To NorthWest: time to believe.  In 2016 the average hourly truck count on I-15 at the junction with I-215 at Devore was 550 trucks/hour.  The daily count at that location was 13,205. That is the last year I can find that Caltrans has data.  See page 40 on: 

https://dot.ca.gov/-/media/dot-media/programs/traffic-operations/documents/f0017681-2016-aadt-truck-a11y.pdf 

If you translate that count into 160-box intermodal trains, it equals 82 per day. That is not an accurate translation, of course, as there are large numbers that move both between the LA Basin and the High Desert and Las Vegas.  Those are trips that will likely always be OTR. I wish I had that breakdown: it probably exists somewhere.
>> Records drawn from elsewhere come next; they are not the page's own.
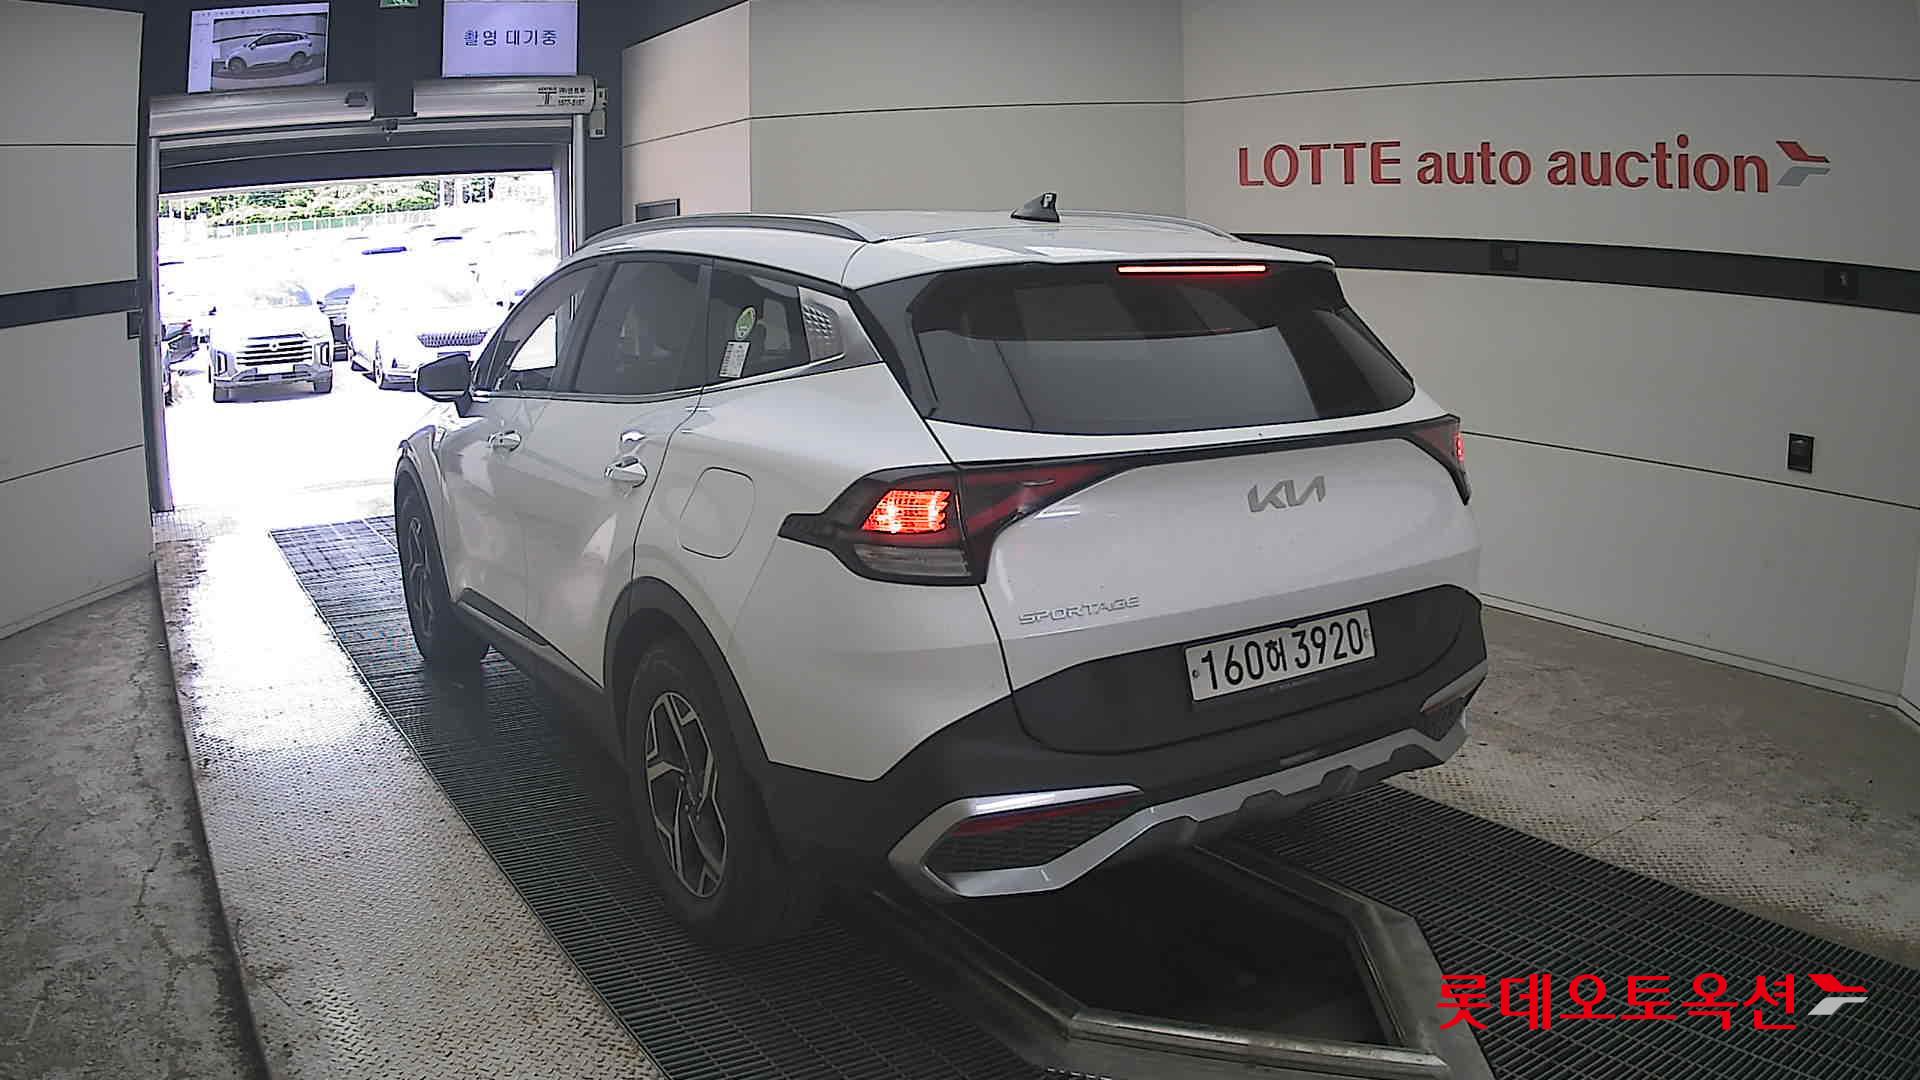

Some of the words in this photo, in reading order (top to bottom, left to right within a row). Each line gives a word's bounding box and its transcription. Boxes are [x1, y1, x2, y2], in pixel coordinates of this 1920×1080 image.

[506, 29, 557, 46] 대기중
[1239, 141, 1401, 187] LOTTE
[1417, 142, 1531, 185] auto
[1548, 134, 1768, 193] auction
[1248, 475, 1326, 512] KIA
[1019, 595, 1140, 625] SPORTAGE
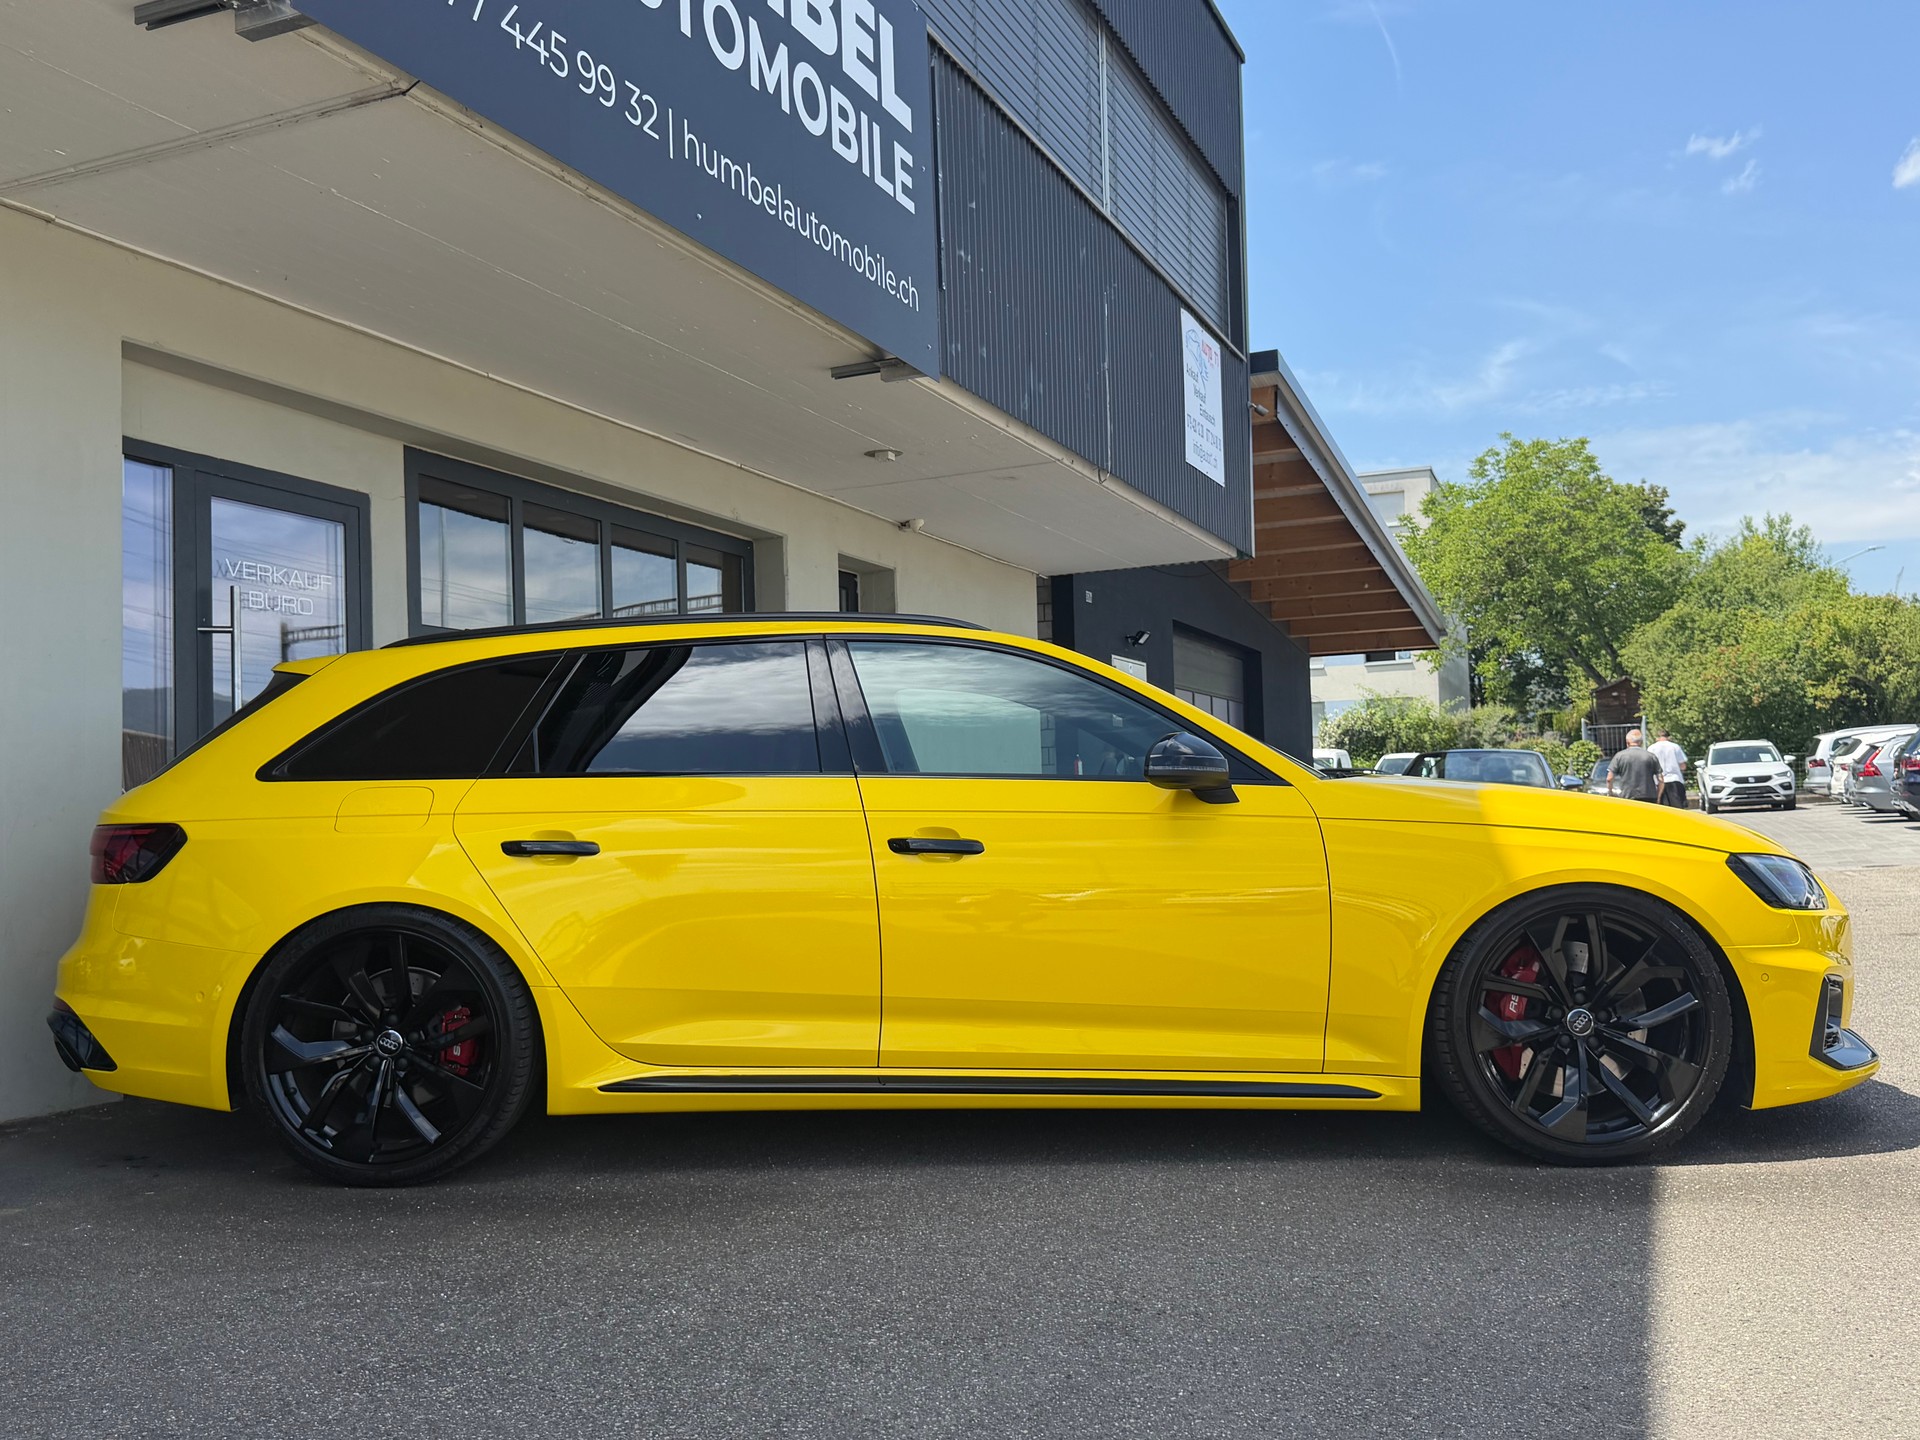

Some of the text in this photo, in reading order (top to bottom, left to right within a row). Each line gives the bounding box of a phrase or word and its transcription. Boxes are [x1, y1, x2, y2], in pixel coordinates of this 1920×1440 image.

The balance, of course, are headed to Barstow and then east on I-40; or north on I-15 to I-15 / I-70 split near Sulphurdale, more going to Salt Lake City on I-15 than to Denver on I-70. I-15 going into Sulphurdale gets about 3000 trucks per day, or about 125 per hour. I-40 at Needles gets about 6500 trucks per day, or about 270 per hour. Hwy 58 (the primary truck route from Barstow to Bakersfield, very heavy reefer traffic) gets about 4,000 trucks per day, about 165 per hour.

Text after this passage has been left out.